The data: Begin

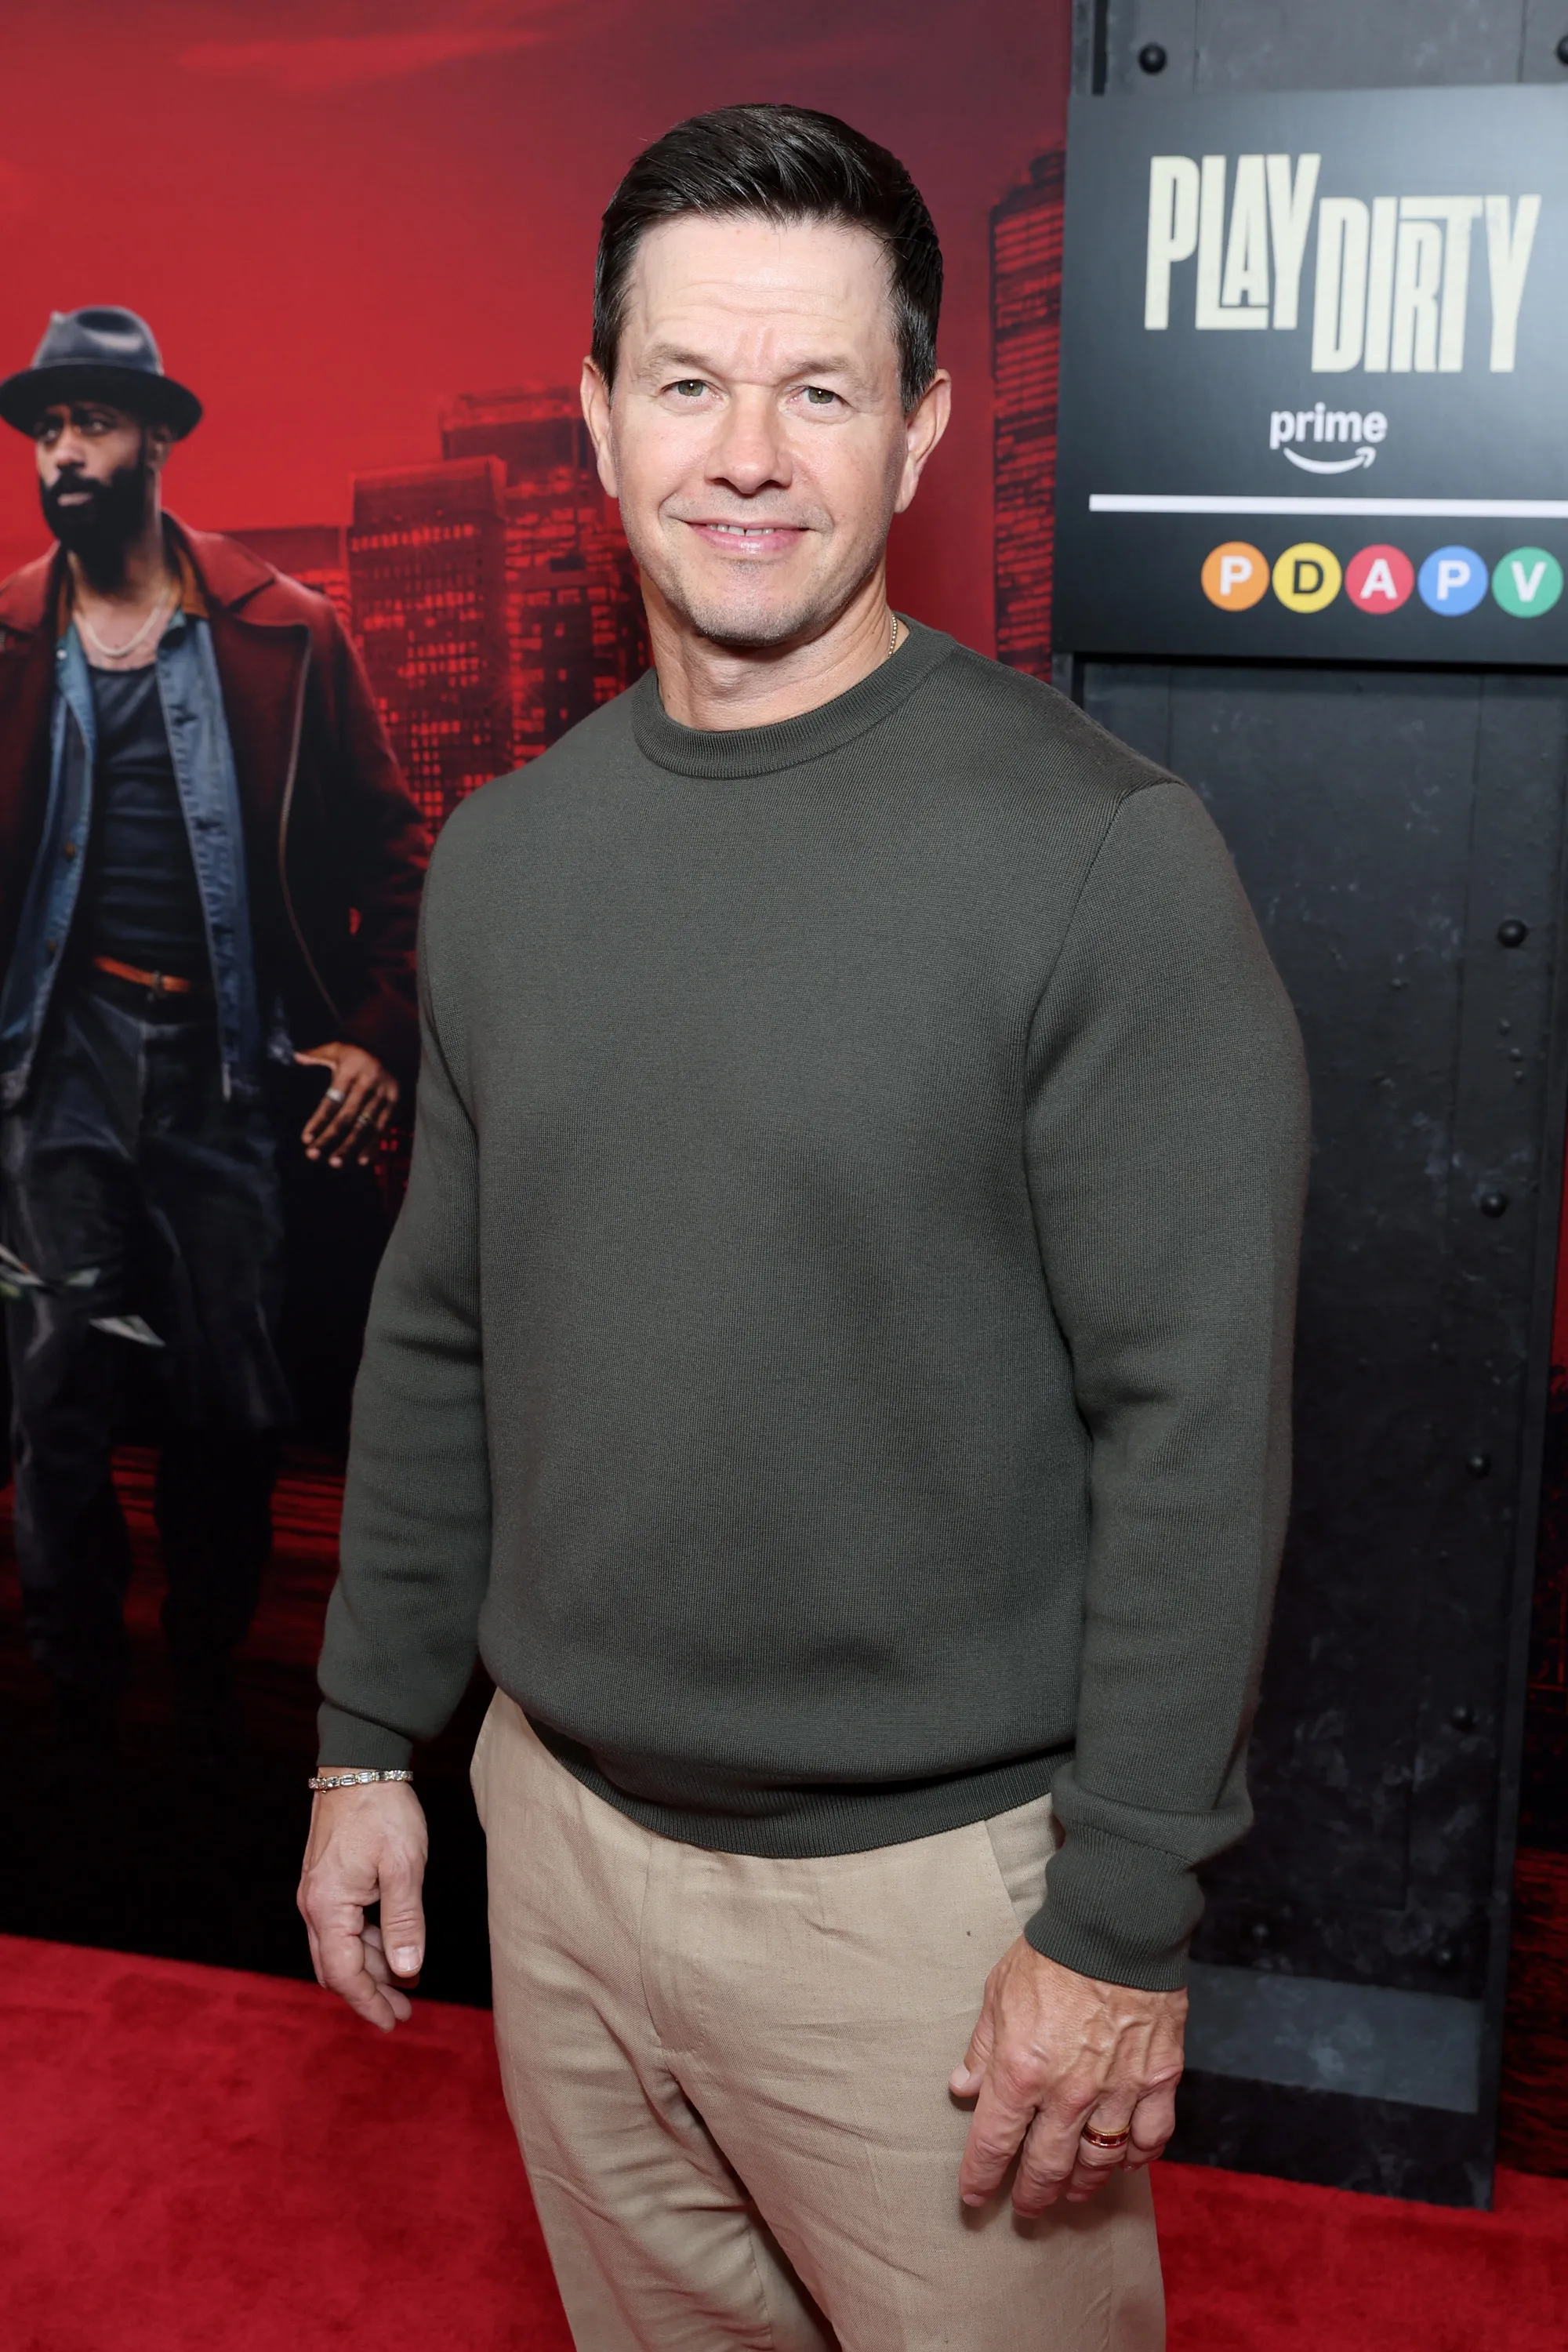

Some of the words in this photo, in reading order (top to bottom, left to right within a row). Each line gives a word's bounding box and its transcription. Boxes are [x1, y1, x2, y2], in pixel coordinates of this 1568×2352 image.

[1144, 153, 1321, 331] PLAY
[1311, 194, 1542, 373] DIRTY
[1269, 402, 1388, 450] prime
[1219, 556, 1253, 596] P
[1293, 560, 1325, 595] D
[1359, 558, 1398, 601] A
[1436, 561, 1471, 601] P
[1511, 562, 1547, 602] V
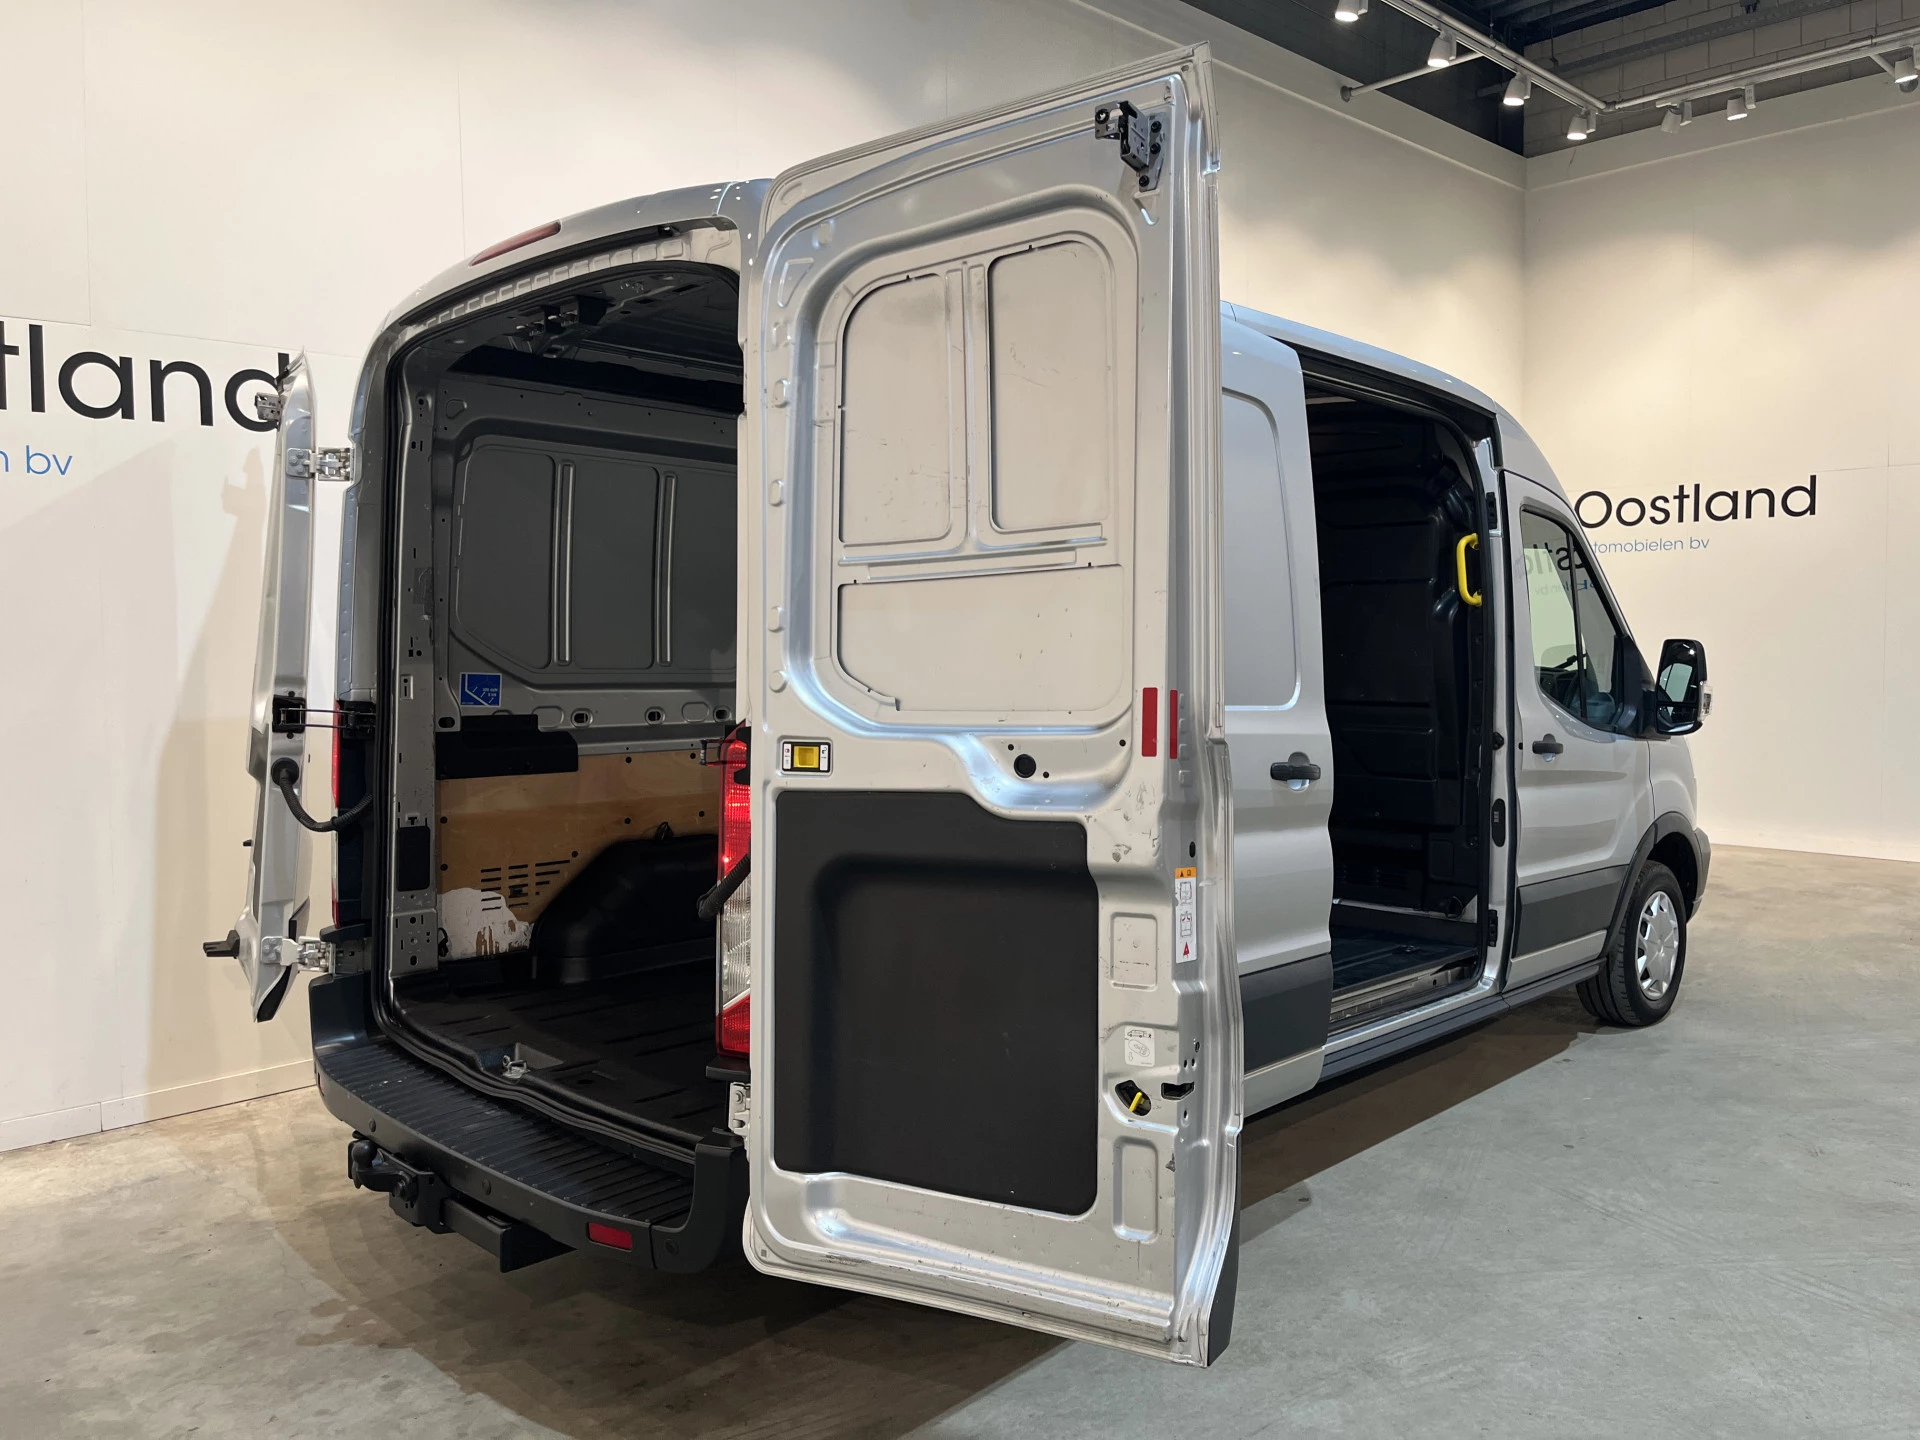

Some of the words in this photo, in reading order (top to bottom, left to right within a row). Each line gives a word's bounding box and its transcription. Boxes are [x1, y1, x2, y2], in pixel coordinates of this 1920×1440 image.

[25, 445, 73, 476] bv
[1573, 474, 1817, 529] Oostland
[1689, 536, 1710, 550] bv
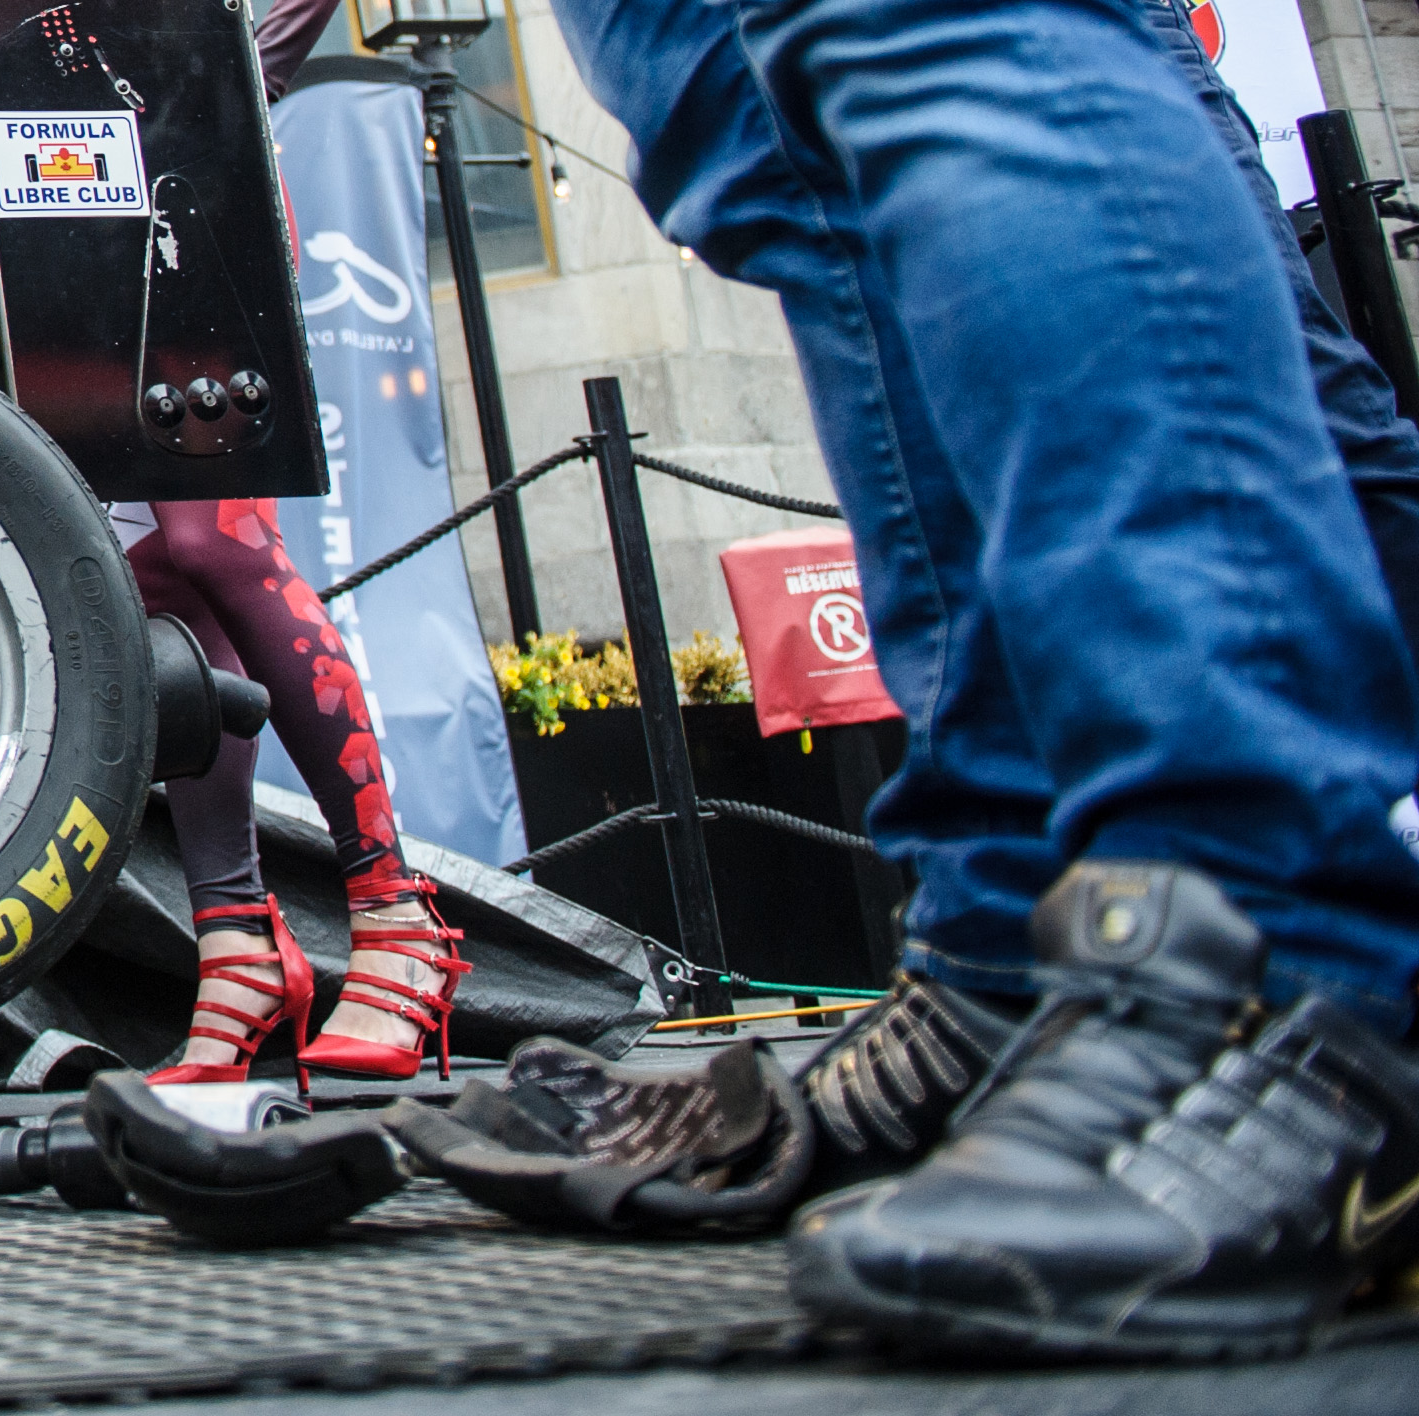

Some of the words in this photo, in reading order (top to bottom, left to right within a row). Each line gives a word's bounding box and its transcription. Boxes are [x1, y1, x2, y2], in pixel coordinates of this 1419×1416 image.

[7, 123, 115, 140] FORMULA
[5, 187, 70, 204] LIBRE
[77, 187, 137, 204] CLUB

The data: End

What you should do
Restate the entries verbatim, without pictures.

Final answer
Some of the words in this photo, in reading order (top to bottom, left to right within a row). Each line gives a word's bounding box and its transcription. Boxes are [x1, y1, x2, y2], in pixel coordinates of this 1568×2352 image.

[1144, 153, 1321, 331] PLAY
[1311, 194, 1542, 373] DIRTY
[1269, 402, 1388, 450] prime
[1219, 556, 1253, 596] P
[1293, 560, 1325, 595] D
[1359, 558, 1398, 601] A
[1436, 561, 1471, 601] P
[1511, 562, 1547, 602] V

Some of the words in this photo, in reading order (top to bottom, left to right within a row). Each line gives a word's bounding box and its transcription. Boxes are [x1, y1, x2, y2], in pixel coordinates of this 1920×1440 image.

[25, 445, 73, 476] bv
[1573, 474, 1817, 529] Oostland
[1689, 536, 1710, 550] bv

Some of the words in this photo, in reading order (top to bottom, left to right within a row). Each line gives a word's bounding box and its transcription. Boxes are [x1, y1, x2, y2], in pixel coordinates of this 1419×1416 image.

[7, 123, 115, 140] FORMULA
[5, 187, 70, 204] LIBRE
[77, 187, 137, 204] CLUB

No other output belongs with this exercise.